There is no doubt that the current Manchester United team is in transit.
The number of youngsters present in United’s starting squad means that the use of the phrase ‘transitional phase’ has been coughed, spluttered and uttered by every fan, journalist and footballer in the game when describing Manchester United, but how can you pinpoint a ‘transitional phase’ in a sport that is constantly in transit?

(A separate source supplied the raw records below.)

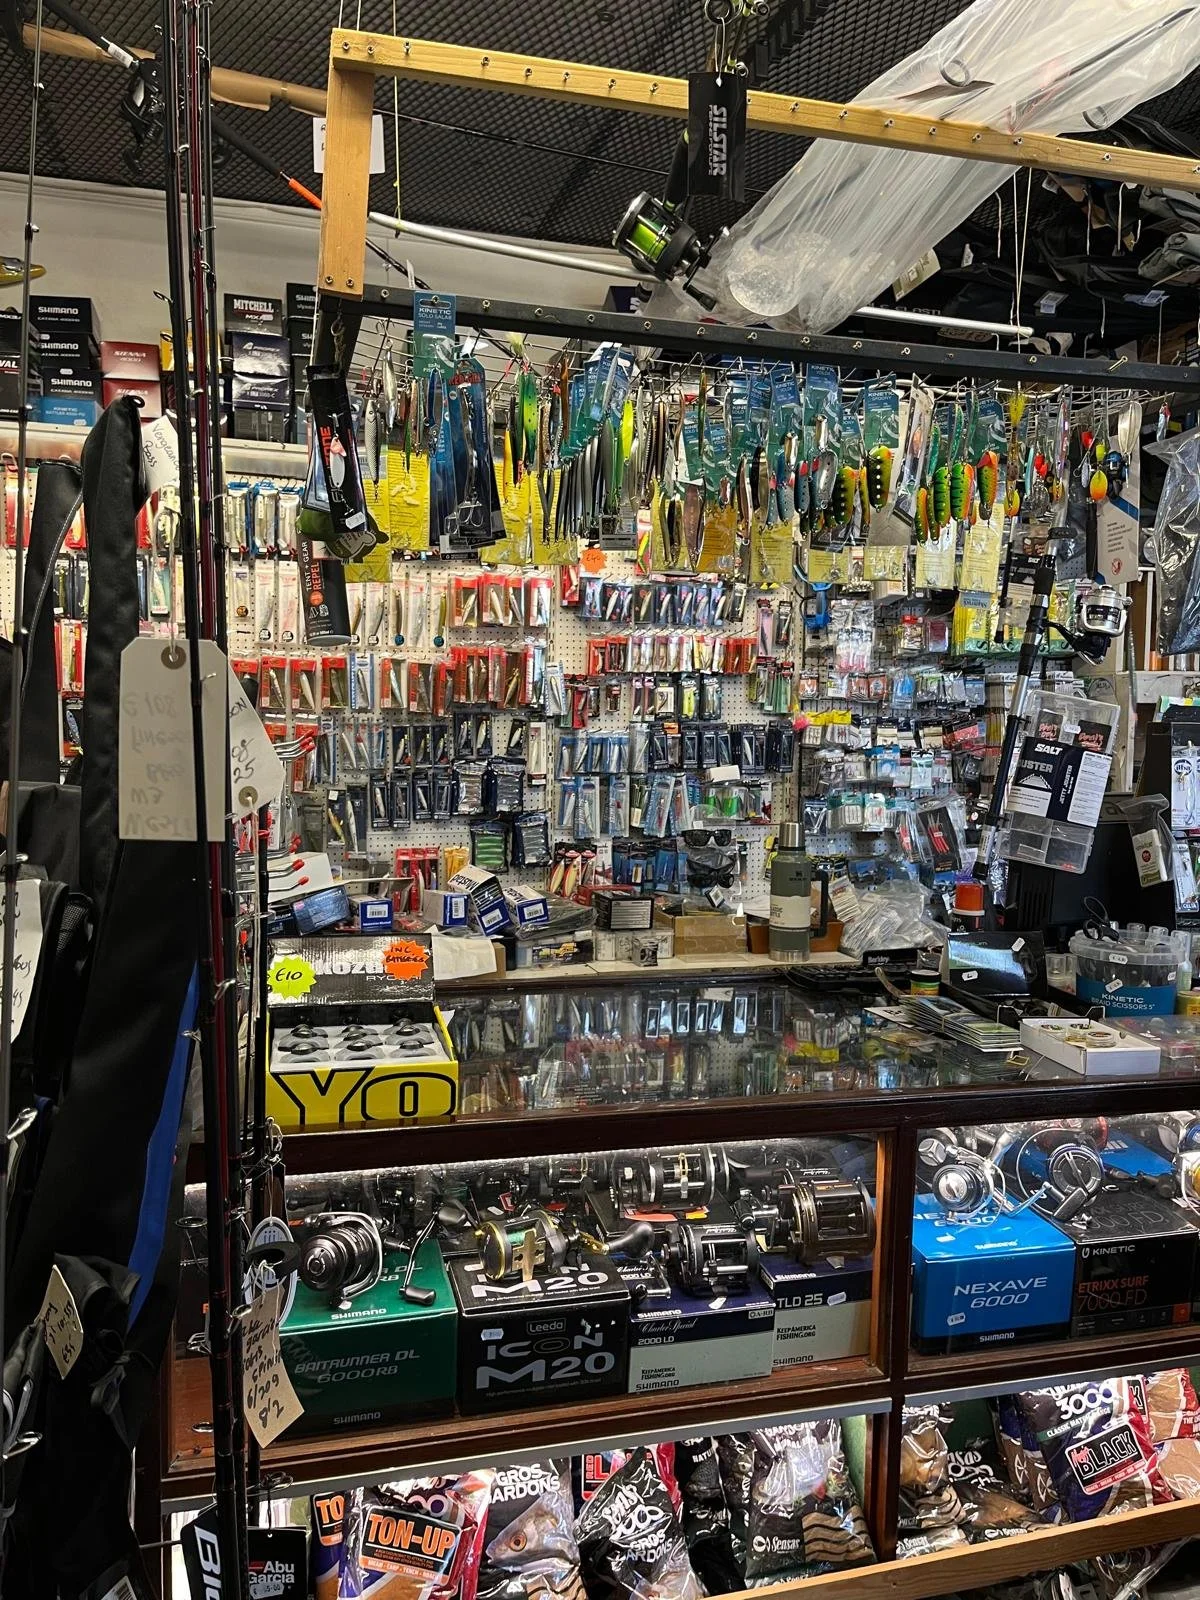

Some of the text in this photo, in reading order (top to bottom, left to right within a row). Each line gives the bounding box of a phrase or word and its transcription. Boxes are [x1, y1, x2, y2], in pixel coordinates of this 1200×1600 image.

[712, 104, 728, 176] SILSTAR
[38, 306, 79, 315] SHIMANO
[233, 298, 275, 313] MITCHELL
[418, 307, 451, 315] KINETIC
[50, 378, 93, 387] SHIMANO
[302, 541, 311, 564] GEAR
[1034, 743, 1063, 756] SALT
[1019, 759, 1054, 774] USTER
[1101, 993, 1144, 1004] KINETIC
[1111, 1001, 1149, 1010] SCISSORS
[1092, 1244, 1136, 1256] KINETIC
[775, 1272, 817, 1280] SHIMANO
[470, 1272, 609, 1298] M20
[953, 1276, 1048, 1297] NEXAVE
[1077, 1275, 1150, 1294] ETRIXX SURF
[776, 1292, 823, 1309] TLD 25
[970, 1293, 1030, 1309] 6000
[330, 1307, 387, 1320] SHIMANO
[637, 1309, 682, 1319] SHIMANO
[529, 1321, 564, 1333] Leeda
[637, 1337, 662, 1346] 2000
[979, 1332, 1015, 1343] SHIMANO
[294, 1352, 391, 1374] BAITRUNNER
[394, 1349, 421, 1362] DL
[772, 1354, 814, 1366] SHIMANO
[316, 1364, 399, 1384] 6000RB
[475, 1351, 615, 1390] M20
[635, 1379, 680, 1391] SHIMANO
[1055, 1385, 1114, 1420] 3000
[333, 1410, 382, 1426] SHIMANO
[1046, 1422, 1071, 1438] CLASSIC
[1077, 1430, 1137, 1477] BLACK
[495, 1463, 545, 1488] GROS
[487, 1475, 561, 1505] ARDONS
[367, 1513, 456, 1558] TON-UP
[626, 1538, 673, 1563] ARDONS
[771, 1535, 801, 1553] Sensas
[262, 1560, 295, 1574] Abu
[248, 1571, 295, 1584] Garcia

No matter how sparingly he was used last season, the departure of Paul Scholes has indeed left gap. As well as being highly talented technically, he was a tough tackling midfielder, but, judging from United’s successful ventures this season, that kind of player is being left by the wayside in favour of an emphasis on a somewhat less aggressive short game, surely inspired by the current masters of passing, Barcelona. While United are experiencing a dip in form and their momentum has slowed, their preseason games (especially the Charity Shield win over Manchester City) show a merging of both United and Barcelona’s footballing philosophies.

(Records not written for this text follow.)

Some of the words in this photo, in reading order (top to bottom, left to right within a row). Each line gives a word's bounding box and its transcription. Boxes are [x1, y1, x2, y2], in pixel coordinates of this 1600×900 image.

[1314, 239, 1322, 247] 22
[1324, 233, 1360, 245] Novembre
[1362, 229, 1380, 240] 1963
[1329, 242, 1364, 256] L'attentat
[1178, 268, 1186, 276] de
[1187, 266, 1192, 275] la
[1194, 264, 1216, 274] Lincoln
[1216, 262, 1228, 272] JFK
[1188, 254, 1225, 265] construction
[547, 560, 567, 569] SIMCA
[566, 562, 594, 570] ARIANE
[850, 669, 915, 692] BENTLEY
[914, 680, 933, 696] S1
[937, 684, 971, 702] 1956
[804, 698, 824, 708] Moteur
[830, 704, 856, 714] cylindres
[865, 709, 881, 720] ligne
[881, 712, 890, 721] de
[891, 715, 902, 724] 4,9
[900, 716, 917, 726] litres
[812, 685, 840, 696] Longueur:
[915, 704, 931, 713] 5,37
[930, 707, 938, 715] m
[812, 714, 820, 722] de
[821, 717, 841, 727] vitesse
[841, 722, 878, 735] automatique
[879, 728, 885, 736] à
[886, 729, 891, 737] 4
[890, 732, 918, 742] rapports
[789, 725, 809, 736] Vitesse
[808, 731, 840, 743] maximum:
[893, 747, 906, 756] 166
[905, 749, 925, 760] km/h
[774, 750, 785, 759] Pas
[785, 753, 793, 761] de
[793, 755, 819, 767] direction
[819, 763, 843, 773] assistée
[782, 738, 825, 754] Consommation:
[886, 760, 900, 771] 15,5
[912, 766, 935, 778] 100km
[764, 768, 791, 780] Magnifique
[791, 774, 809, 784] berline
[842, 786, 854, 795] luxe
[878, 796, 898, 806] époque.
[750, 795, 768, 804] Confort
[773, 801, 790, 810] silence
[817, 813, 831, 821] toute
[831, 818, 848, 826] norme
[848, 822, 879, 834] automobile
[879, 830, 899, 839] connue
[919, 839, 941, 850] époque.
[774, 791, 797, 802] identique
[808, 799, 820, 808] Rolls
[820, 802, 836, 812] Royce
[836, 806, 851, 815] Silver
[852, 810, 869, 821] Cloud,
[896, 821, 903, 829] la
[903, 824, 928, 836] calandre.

So United’s style is indeed in a subtle transition period, and perhaps these small tweaks are what Sir Alex Ferguson feels will make the difference against the top European sides, namely Barcelona, but the club has more pressing issues at hand.

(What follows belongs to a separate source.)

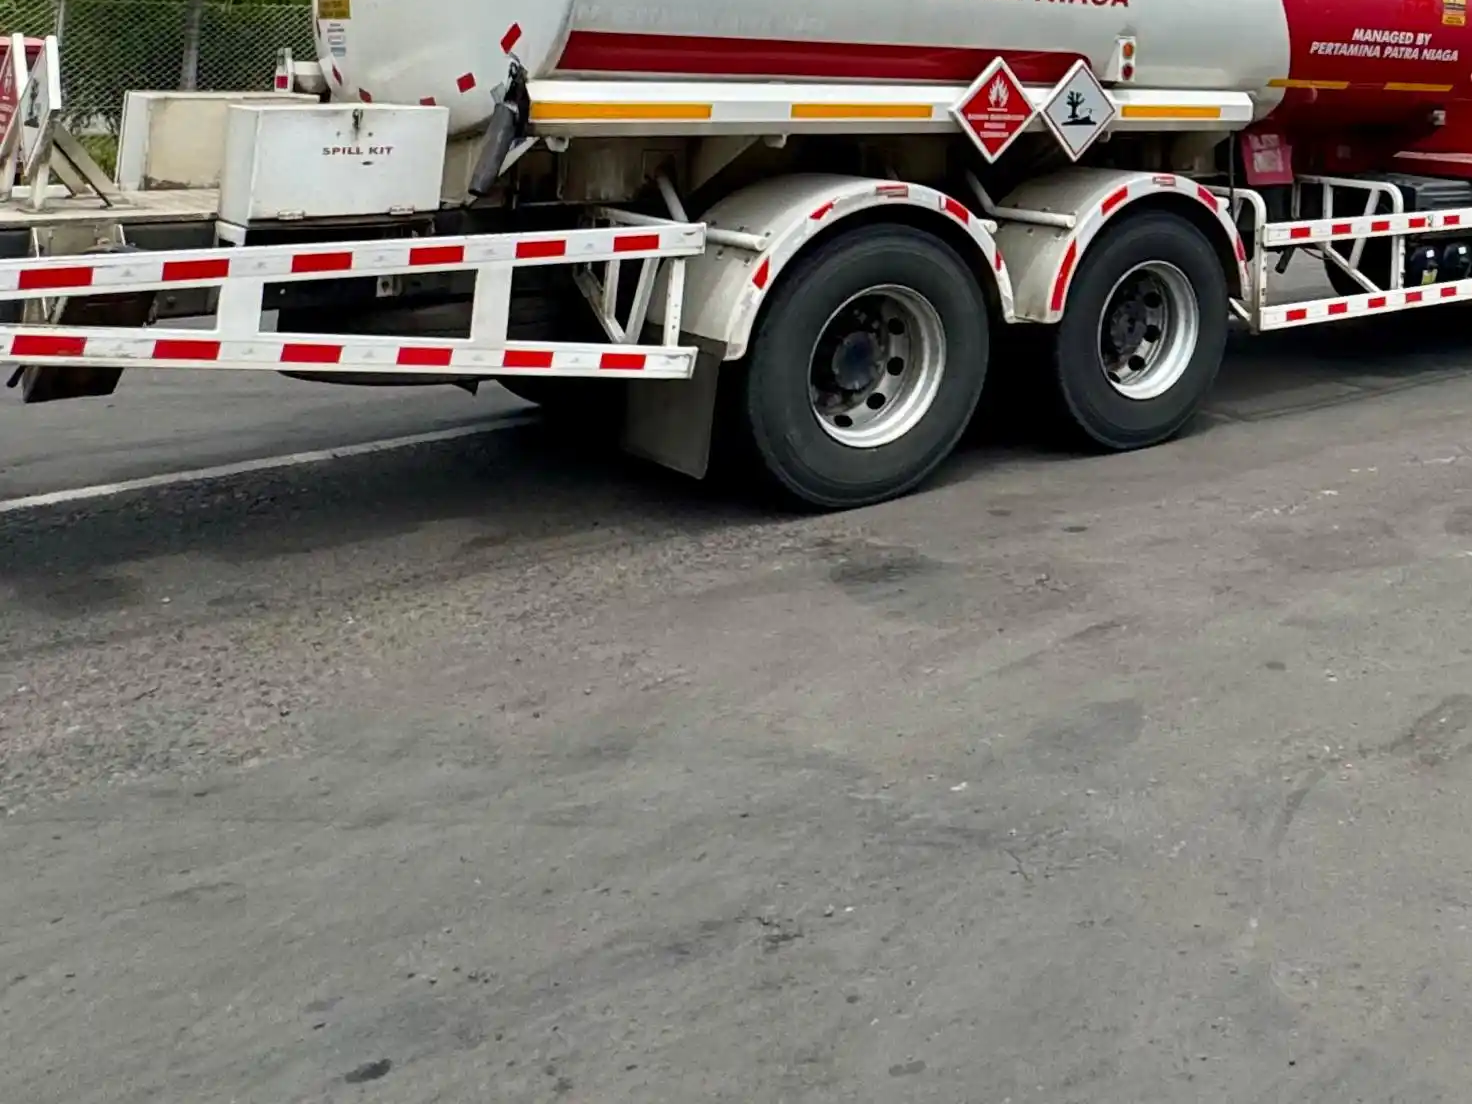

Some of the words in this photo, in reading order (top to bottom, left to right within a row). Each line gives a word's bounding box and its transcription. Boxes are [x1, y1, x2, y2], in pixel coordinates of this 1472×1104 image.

Defensive injury problems have now become the norm for United. With the aid of niggling back problems, United stalwart Rio Ferdinand may be edging closer towards the end of his career. Likewise, his defensive partner, Nemanja Vidic has also struggled with injury, meaning the two have rarely played together for long periods since the 2008/2009 season.
In the past this has meant the likes of Jonny Evans, Wes Brown and John O’Shea would plug the gaps, but since Steve Bruce snapped up the two latter players, youngsters, Evans and Phil Jones are the most likely candidates for the center back partnership, with Chris Smalling regularly appearing at right-back.
Whilst the word ‘tough’ has been used regularly to describe Jones, his lack of experience, combined with Jonny Evan’s occasional defensive naivety, has led to United leaking goals, and more worryingly, the amount of chances being created by United’s opposition appears to be higher than most fans would care to remember.
Now, questions are being raised over how a young and inconsistent back line can perform in Europe, and until United can hold down a regular back four, fans can expect the amount of chances created in United’s defensive third to retain their ferocity, in both type and abundance.
Ironically, the man who was scrutinized most heavily for his ability at the start of the season, has also been United’s saviour on several occasions. David De Gea, another figurehead of United’s cataclysm of youth, has made a myriad of fine stops, often saving United’s blushes both domestically and on the continent.
United head into tonight’s clash against Otelul Galati in a lowly third place in the Champions League group C table, behind both Basel and Benfica who United suffered two uncomfortable draws against. Ferguson has labelled this as a ‘must win’ game for United and can call upon the likes of Vidic as well as recall Wayne Rooney to make sure they seal the win.